Exercise inputs START
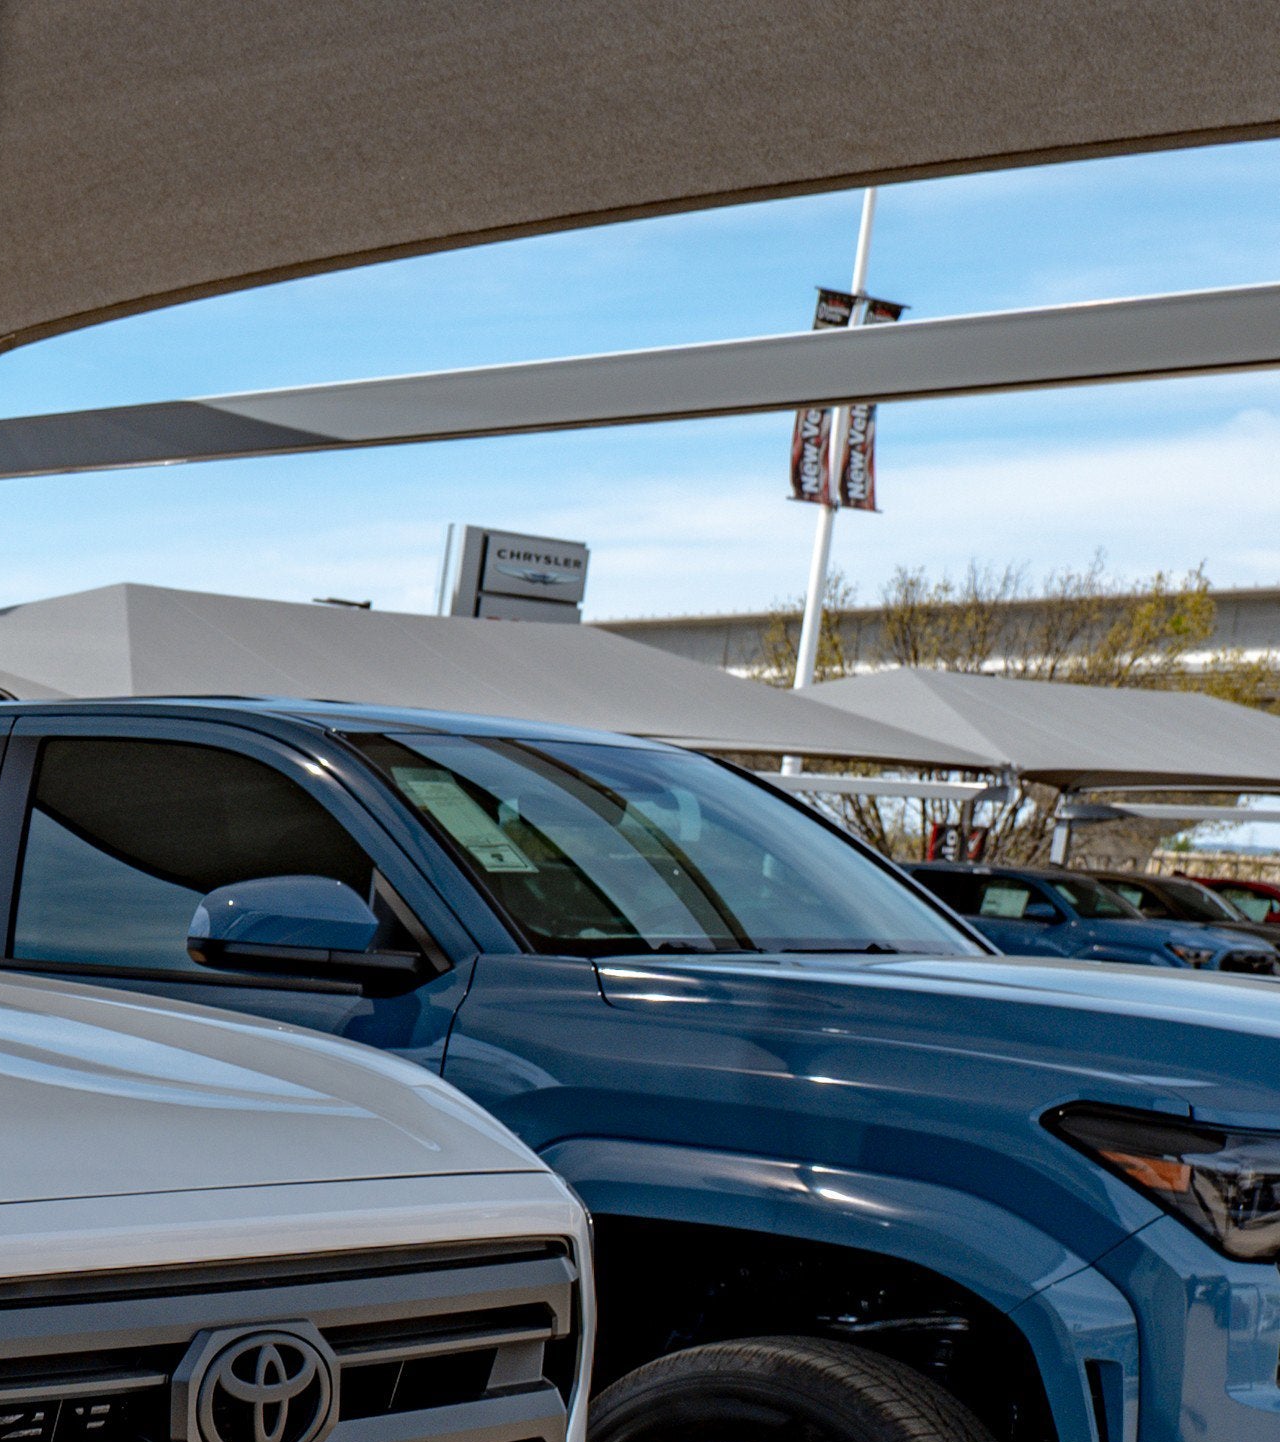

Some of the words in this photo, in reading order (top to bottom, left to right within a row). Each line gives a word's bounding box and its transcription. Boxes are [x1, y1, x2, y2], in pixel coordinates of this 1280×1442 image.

[800, 443, 820, 494] New
[847, 449, 867, 499] New
[497, 548, 582, 569] CHRYSLER
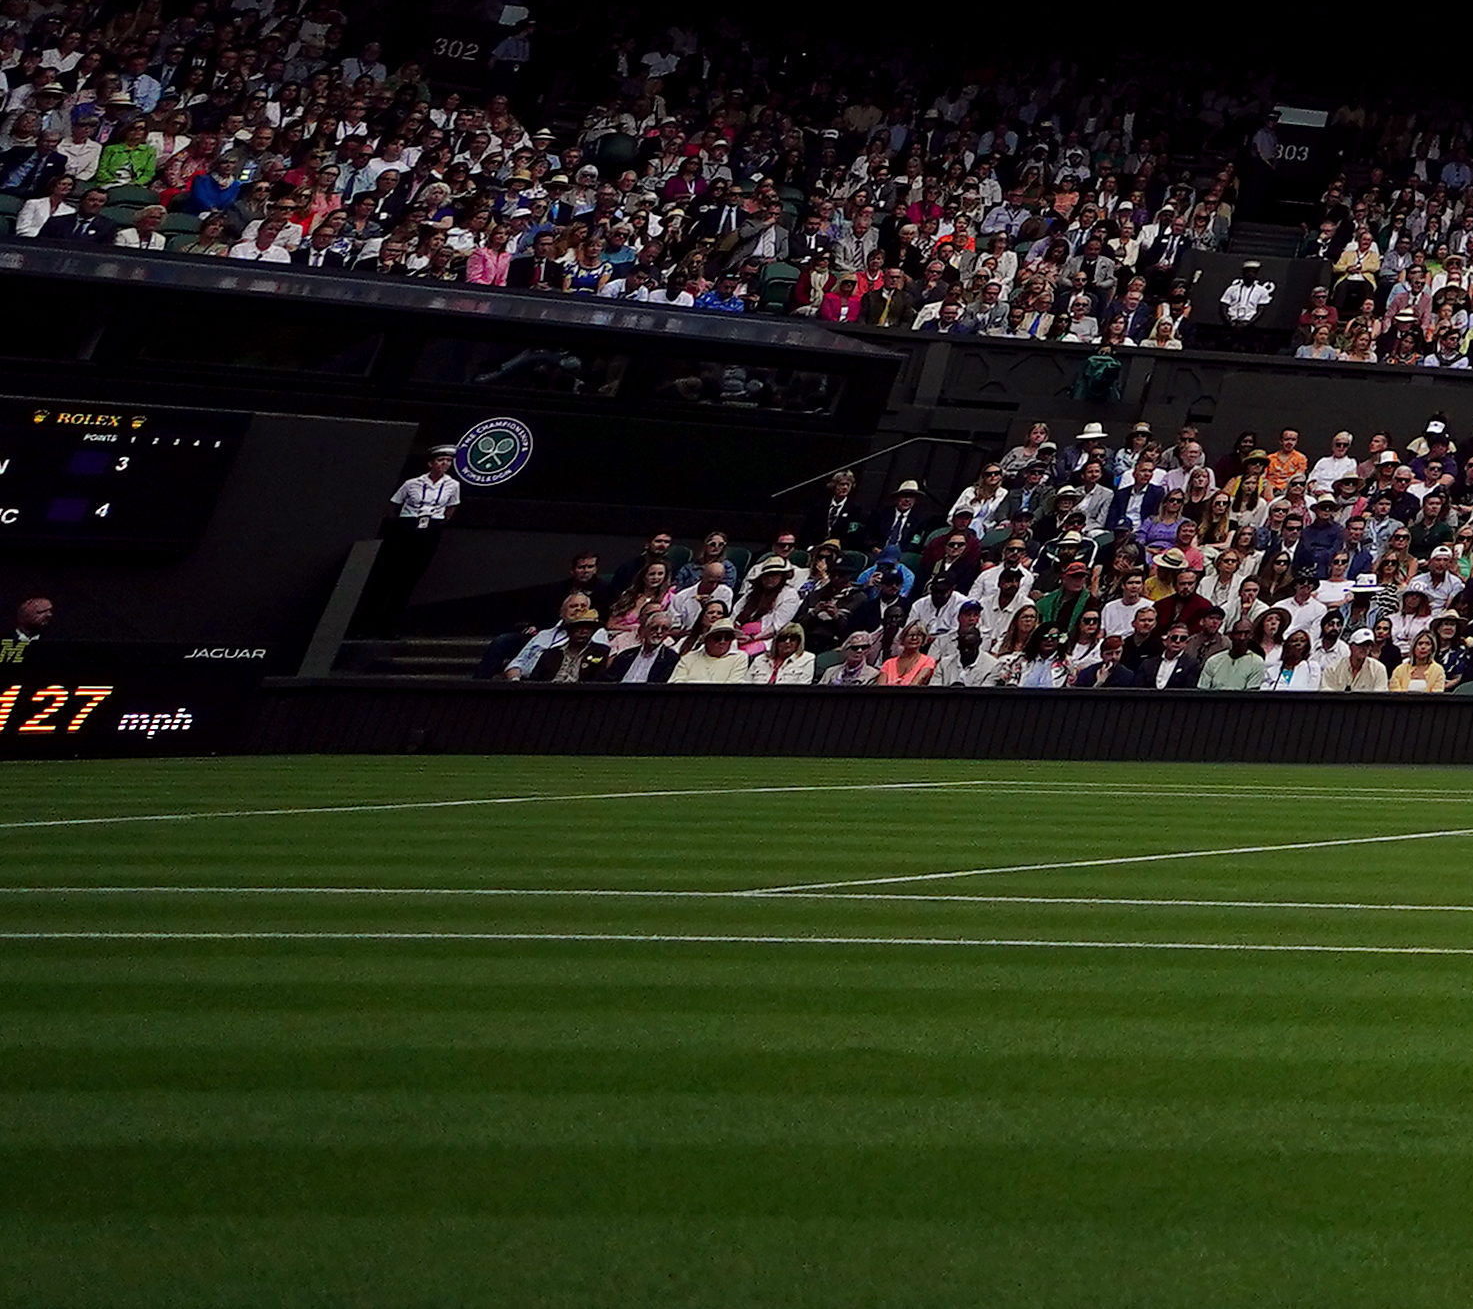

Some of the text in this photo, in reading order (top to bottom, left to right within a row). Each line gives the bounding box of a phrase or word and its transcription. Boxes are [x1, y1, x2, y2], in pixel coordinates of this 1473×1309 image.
Exercise inputs END
Task description
The result should be the full material above, word for word, with its pictures omitted.

Answer
Some of the words in this photo, in reading order (top to bottom, left to right within a row). Each line gives a word's bounding box and its transcription. Boxes are [x1, y1, x2, y2], in pixel coordinates of this 1280×1442 image.

[800, 443, 820, 494] New
[847, 449, 867, 499] New
[497, 548, 582, 569] CHRYSLER

Some of the text in this photo, in reading order (top to bottom, left to right within a row). Each line gives the bounding box of a phrase or word and its transcription. Boxes are [x1, y1, x2, y2], in pixel coordinates of this 1473×1309 image.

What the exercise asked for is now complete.